According to a Form 8-K filing with the US Securities and Exchange Commission (SEC), Starbucks’ board approved further restructuring actions aimed at “revitalising coffeehouses and enhancing the customer experience” to support long-term growth.
The company said the plan supports its previously announced goal of delivering $2 billion in cost savings initiatives, while continuing the shift of its international business towards a model in which nearly 90% of stores are licensed.
As part of the restructuring, Starbucks will streamline its domestic and international support organisation and reduce the operational complexity of its Starbucks Reserve and Roastery business.
A Starbucks spokesperson has confirmed that the company is laying off around 300 US corporate employees.

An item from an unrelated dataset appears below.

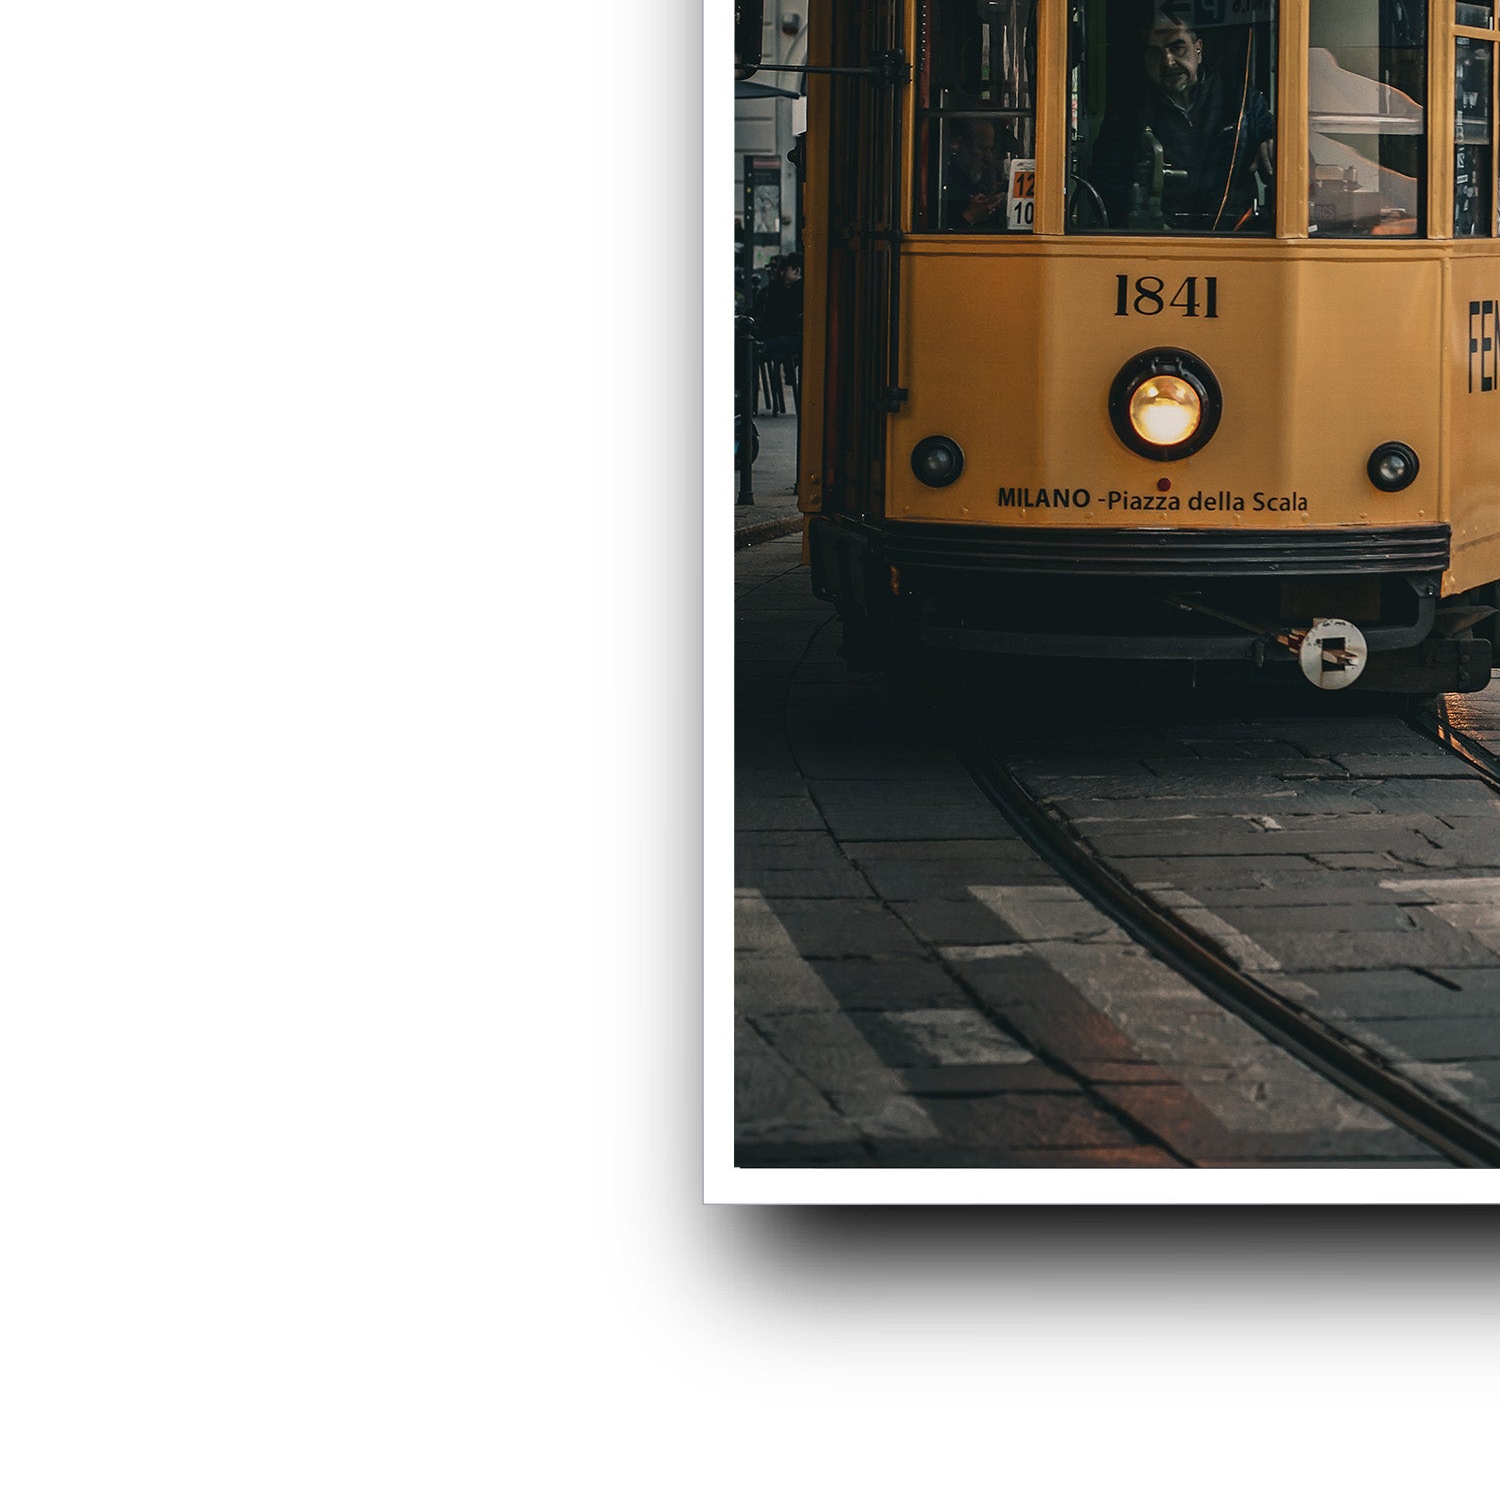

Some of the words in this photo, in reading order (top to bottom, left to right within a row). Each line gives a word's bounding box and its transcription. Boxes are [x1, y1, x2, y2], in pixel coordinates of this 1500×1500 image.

Reuters also reported that Starbucks is consolidating several regional support office locations, including sites in Atlanta, Burbank, Chicago and Dallas.
Reuters reported that Starbucks is reviewing its international support operations and expects further job cuts outside the US.
Starbucks said the changes are intended to “sharpen focus, prioritise work, reduce complexity and lower costs,” adding that the cuts will not affect its coffeehouse operations, according to Reuters.
The company expects most restructuring actions to be completed by the end of its current fiscal year, with a significant share of the associated charges expected to be recognised during fiscal 2026.
Of the estimated $400 million in restructuring charges, approximately $280 million will comprise non-cash charges related to the impairment of long-lived assets, including lease assets tied primarily to Starbucks Reserve and Roastery locations and non-retail support facilities.
The remaining $120 million will consist mainly of employee separation costs linked to optimisation of the company’s global support organisation.
The latest restructuring measures come as CEO Brian Niccol continues efforts to revive sales growth and improve operational efficiency following several challenging quarters for the business.